Beef Central, 22/02/2022
STRATEGIC induction regimes and ongoing maintenance programs to underwrite sire longevity have been identified by a leading cattle vet as fundamental to ensuring producers achieve maximum value from their genetic investments this bull selling season.
The advice, from formative southern Australia reproductive services provider Dr Shane Thomson, from HVC Production and Breeding, comes following the exceptional beginning for the Autumn 2022 sale period and in anticipation of another year of strong cattle prices.
“Bulls are an investment in genetics, and those genetic traits drive the income of beef businesses,” Dr Thomson said.
“That’s why management to ensure bull longevity is so important, because they are ultimately responsible for creating your end product.”
Aligning with genetics
Before making a bid this season, Dr Thomson urged bull buyers to delve deeper into the genetic programs of the seedstock producers they are considering sourcing sires from to find a breeding system which mirrored their own production goals — as a starting point for bull selection.
“Too often we see people aligned with buying cattle which possibly don’t match their own production system,” Dr Thomson said.
“Producers need to clearly understand their own breeding goals and carefully align themselves with a seedstock producer, or herd, which has similar breeding objectives.
“For instance, if a beef producer is running a self-replacing system where they turn off feeder steers, it would be best to look for genetics which have a low-birthing weight for ease of calving and explosive growth, as opposed to selecting genetics which produce large, heavy-maturing cattle.
“Ensuring bulls are purchased from a breeding program that matches their own production goals is the best method to invest in genetics which will put money back into the producer’s pocket.”
Dr Thomson recommended that producers consider turning over 15 to 20 per cent of their bull group per annum.
“If you are not buying new bulls each year, the average age of your bull team is becoming older,” he said.
“Then, you will reach a point where you need to get rid of a high percentage of your older bulls and bring in a large portion of younger bulls, and younger bulls are more prone to breakdown.
“The breakdown rate in virgin bulls is pushing forty percent during their first season, and a significant proportion of that is coming from penile injuries, due to a condition called Balanoposthitis.”
These types of injuries, however, can be minimised through the implementation of considered bull induction programs.
“Careful induction is crucial. It’s important to avoid buying a bull and having him walk straight off the truck and directly into his joining herd,” Dr Thomson said.

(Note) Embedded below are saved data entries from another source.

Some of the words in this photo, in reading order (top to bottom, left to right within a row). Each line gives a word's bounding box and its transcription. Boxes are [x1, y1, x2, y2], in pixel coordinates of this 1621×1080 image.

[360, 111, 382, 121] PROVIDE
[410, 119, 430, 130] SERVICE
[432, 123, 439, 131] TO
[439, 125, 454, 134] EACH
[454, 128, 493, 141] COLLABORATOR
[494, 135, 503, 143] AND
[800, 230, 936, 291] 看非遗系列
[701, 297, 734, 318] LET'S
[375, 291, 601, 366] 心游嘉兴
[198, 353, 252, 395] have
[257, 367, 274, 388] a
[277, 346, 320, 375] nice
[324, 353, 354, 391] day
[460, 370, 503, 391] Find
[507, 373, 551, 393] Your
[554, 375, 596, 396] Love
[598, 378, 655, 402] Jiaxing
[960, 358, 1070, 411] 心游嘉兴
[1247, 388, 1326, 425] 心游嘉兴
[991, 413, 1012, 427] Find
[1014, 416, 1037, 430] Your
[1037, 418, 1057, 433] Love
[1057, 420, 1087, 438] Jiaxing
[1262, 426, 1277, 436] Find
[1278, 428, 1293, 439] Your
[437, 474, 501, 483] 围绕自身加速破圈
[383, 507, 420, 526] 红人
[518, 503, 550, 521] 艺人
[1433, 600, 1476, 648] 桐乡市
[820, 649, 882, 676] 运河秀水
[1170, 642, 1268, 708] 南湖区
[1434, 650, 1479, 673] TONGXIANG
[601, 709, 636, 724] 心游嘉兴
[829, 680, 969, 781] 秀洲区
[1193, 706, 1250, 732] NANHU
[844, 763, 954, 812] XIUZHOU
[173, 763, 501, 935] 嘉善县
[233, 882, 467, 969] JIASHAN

“Best practice is to buy your bull ahead of schedule to get him on-farm, where they can adapt to the new environment and pastures, and then be exposed to some of the females.”
Every cow group had a unique population of pathogens in the reproductive tract and it was ideal to expose bulls to those pathogens, so they could build immunity, while their workload was low.

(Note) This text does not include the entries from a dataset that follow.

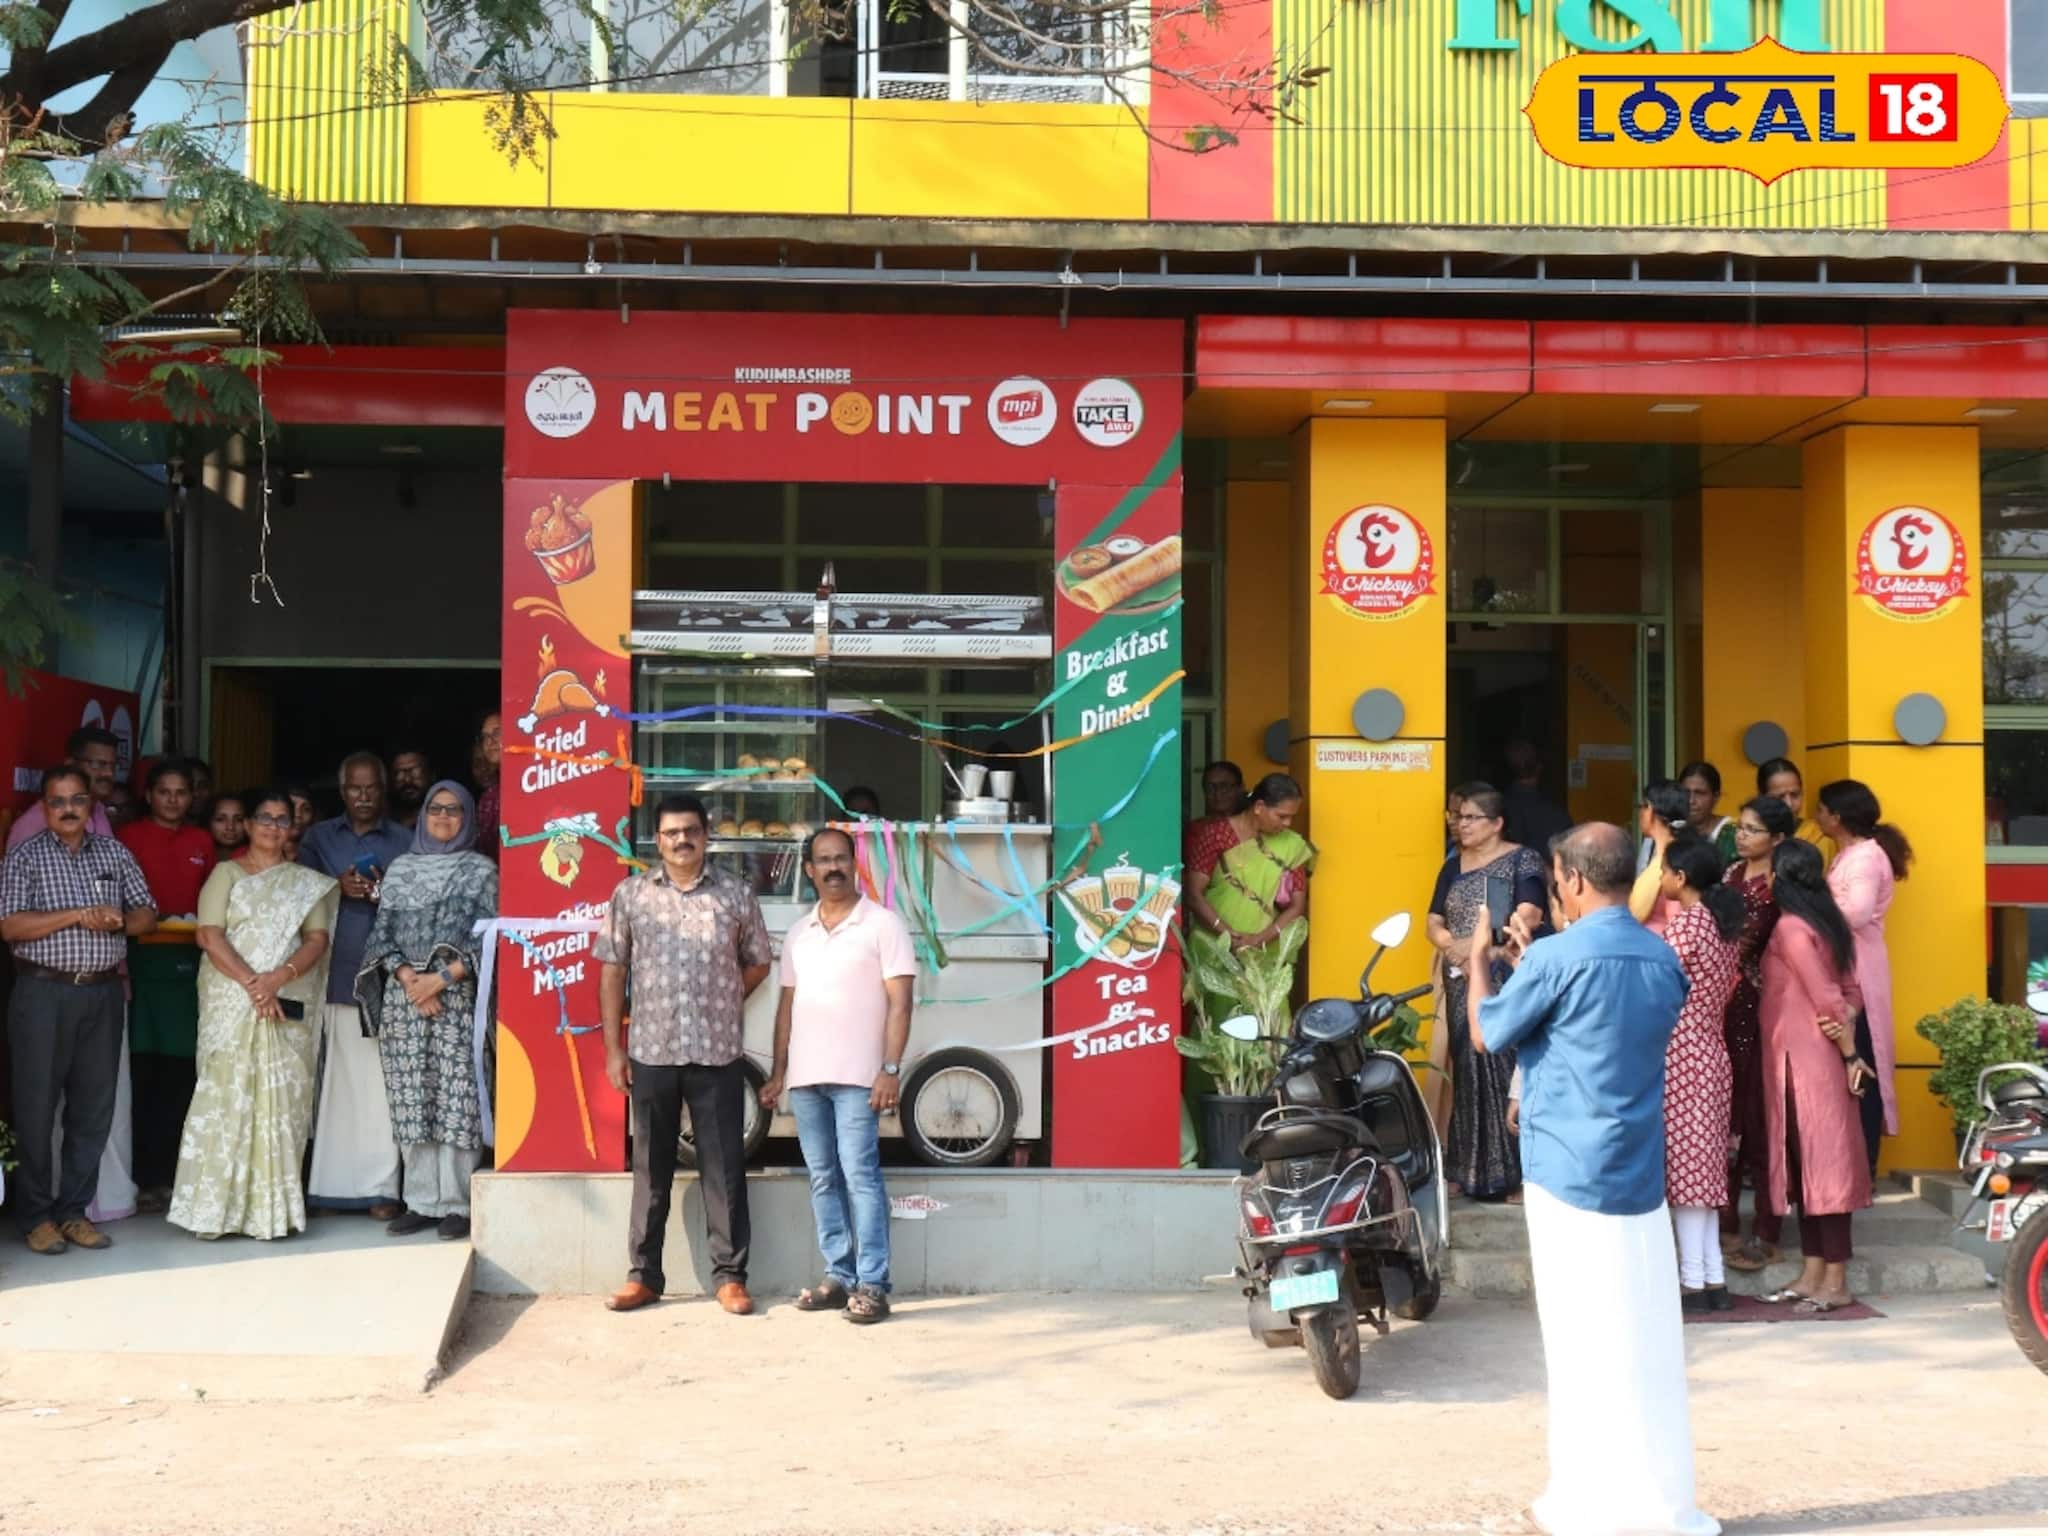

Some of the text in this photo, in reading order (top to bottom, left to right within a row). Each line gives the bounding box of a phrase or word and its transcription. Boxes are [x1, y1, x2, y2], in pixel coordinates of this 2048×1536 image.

[735, 367, 851, 384] KUDUMBASHREE
[621, 390, 972, 435] MEAT POINT
[1002, 397, 1039, 417] mpi
[1078, 406, 1126, 422] TAKE
[1342, 575, 1414, 599] Chicksy
[1875, 576, 1949, 600] Chicksy
[1066, 628, 1169, 680] Breakfast
[1106, 670, 1129, 698] &
[1081, 701, 1151, 737] Dinner
[535, 720, 587, 760] Fried
[521, 752, 609, 793] Chicken
[523, 932, 589, 969] Frozen
[533, 960, 585, 996] Meat
[1095, 974, 1148, 1000] Tea
[1072, 1022, 1170, 1060] Snacks

“For instance, by leaving your new bull in a paddock with some cull females, he can build immunity during a period of low workload, so he has developed immunity by the commencement of the joining period,” Dr Thomson said.
“Our rule of thumb is to try to get bulls three months ahead of schedule, to give time to expose him for six weeks with a small group of females, then rest him for another six weeks, before he starts work with his joining herd.”
Supporting longevity through maintenance
Dr Thomson said a maintenance program to ensure bulls were in top working order was another necessity.
“Producers need to understand it’s the bull’s job to be a sexual athlete,” he said.
“You can’t ask an animal to run a marathon for two months of the year, when he is on the couch for the other ten. He needs to be kept in condition, ensuring his body weight is under control, so he can jump off the blocks when it’s time to start.”
Regular testing and monitoring
Regular testing and monitoring were the most effective way to ensure a bull’s health, Dr Thomson said.
“I believe you should have a pre-joining fertility test on every bull, every year.”
“This is a test with variable components, which costs $50 to $100, and the gold standard fertility assessment includes a physical, semen and serving ability test, so it’s not a huge commitment to make.
“Although the bull you buy may have been tested before sale, that doesn’t mean he will remain that way for the duration of his life – he can acquire an issue the next day.
“Ultimately, it’s not the bull’s fault if he has an injury, it’s a fraction of the process, and learning about it, doing your best to prevent it, and then treating it when it happens, is the best method.